Plus de femmes aux conseils! Oui, mais comment?

Publié le 14/10/2015 à 12:14

Plus de femmes aux conseils! Oui, mais comment?

Publié le 14/10/2015 à 12:14

Ce fut maintes fois documenté, le taux de présence des femmes aux conseils d’administration de sociétés cotées en Bourse est faible et augmente à un rythme de tortue (par exemple de 15 % en 2009 à 22 % en 2014 chez les 100 plus grandes entreprises canadiennes; source : Canadian Spencer Stuart Board Index, 2014). Pourtant, le pourcentage de femmes élues pour les postes à combler en 2014 atteignait 43 % (Source : Spencer Stuart, ibid).

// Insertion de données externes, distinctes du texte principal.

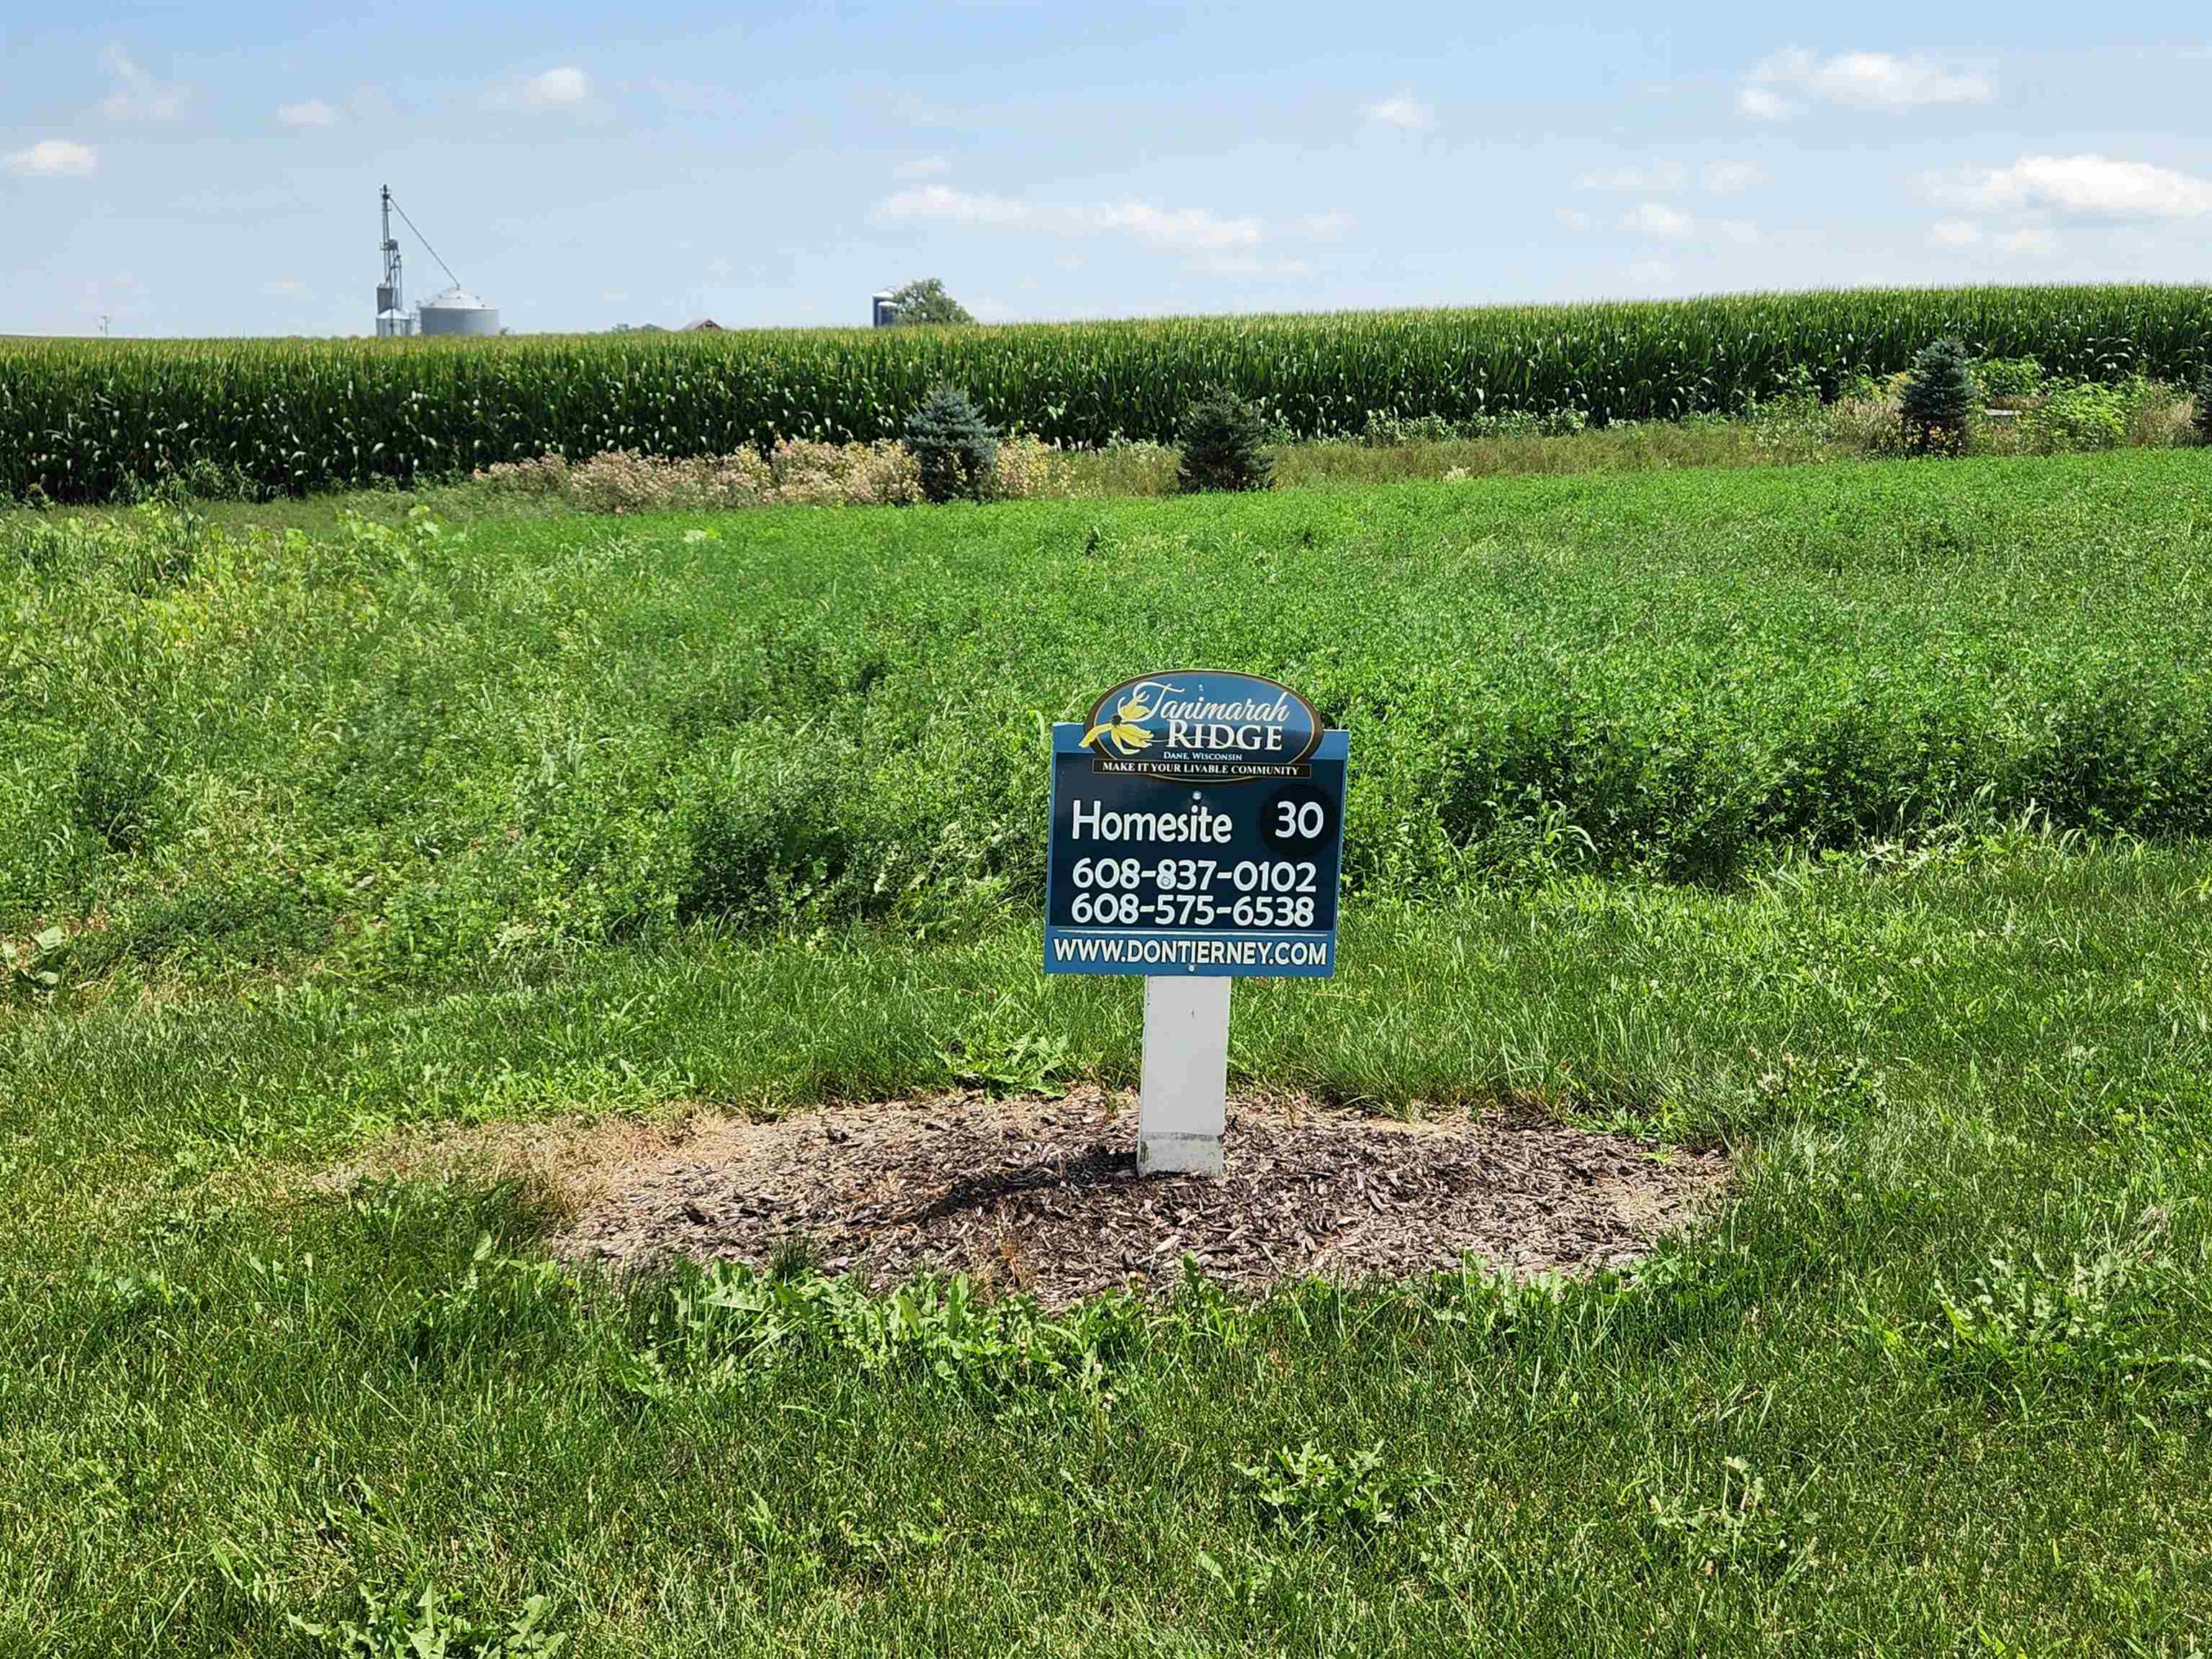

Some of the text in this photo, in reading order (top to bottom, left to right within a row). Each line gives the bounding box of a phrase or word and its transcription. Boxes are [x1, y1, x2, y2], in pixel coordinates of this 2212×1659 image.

Récemment, les Autorités canadiennes en valeurs mobilières (ACVM) ont publié un rapport sur la présence des femmes aux postes d’administrateurs et comme membres de la haute direction des émetteurs assujettis, rapport qui fait état d’une disposition généralement favorable à une plus grande diversité de genre sur les conseils des entreprises canadiennes. Cependant, les cibles, politiques et mesures tangibles demeurent très variables selon la taille et l’industrie d’appartenance des émetteurs; cette hétérogénéité se traduit par des résultats au global que l’on pourrait qualifier de corrects, sans plus, en matière de présence féminine.

Selon les constats des ACVM, la grande majorité des émetteurs échantillonnés (65%) ont choisi de ne pas adopter de politique écrite sur la représentation féminine au conseil, et 19% des émetteurs ont adopté une fixation de la durée du mandat des administrateurs comme mécanisme de renouvellement du conseil; cette durée est établie principalement en fonction d’une limite d’âge (53 % de ceux qui ont eu recours à cette forme de mécanisme) ou une limite à la durée des fonctions (24 %) ou les deux (23 %).

Taux de renouvellement des conseils

Bien que réticentes à adopter des politiques formelles, les sociétés cotées en Bourse ont néanmoins cherché à augmenter le taux de nomination de femmes lorsque des vacances au conseil doivent être comblées. Or, le facteur qui explique en grandes partie la lenteur manifeste dans l’accession des femmes aux conseils d’administration tient au faible taux de renouvellement des conseils.

En effet, le taux de renouvellement «naturel» des conseils s’établit à 7,3 % et est demeuré constant depuis plusieurs années. Même avec une politique de nommer une femme pour deux vacances au conseil, le faible taux de renouvellement des conseils ferait en sorte que la présence féminine n’atteindrait que 35 % en 2021!

Nous avons voulu établir l’impact sur la représentation féminine au conseil de différentes mesures souvent invoquées pour augmenter le taux de renouvellement des conseils. Nous avons pris comme base d’étude les entreprises du S&P/TSX 60 .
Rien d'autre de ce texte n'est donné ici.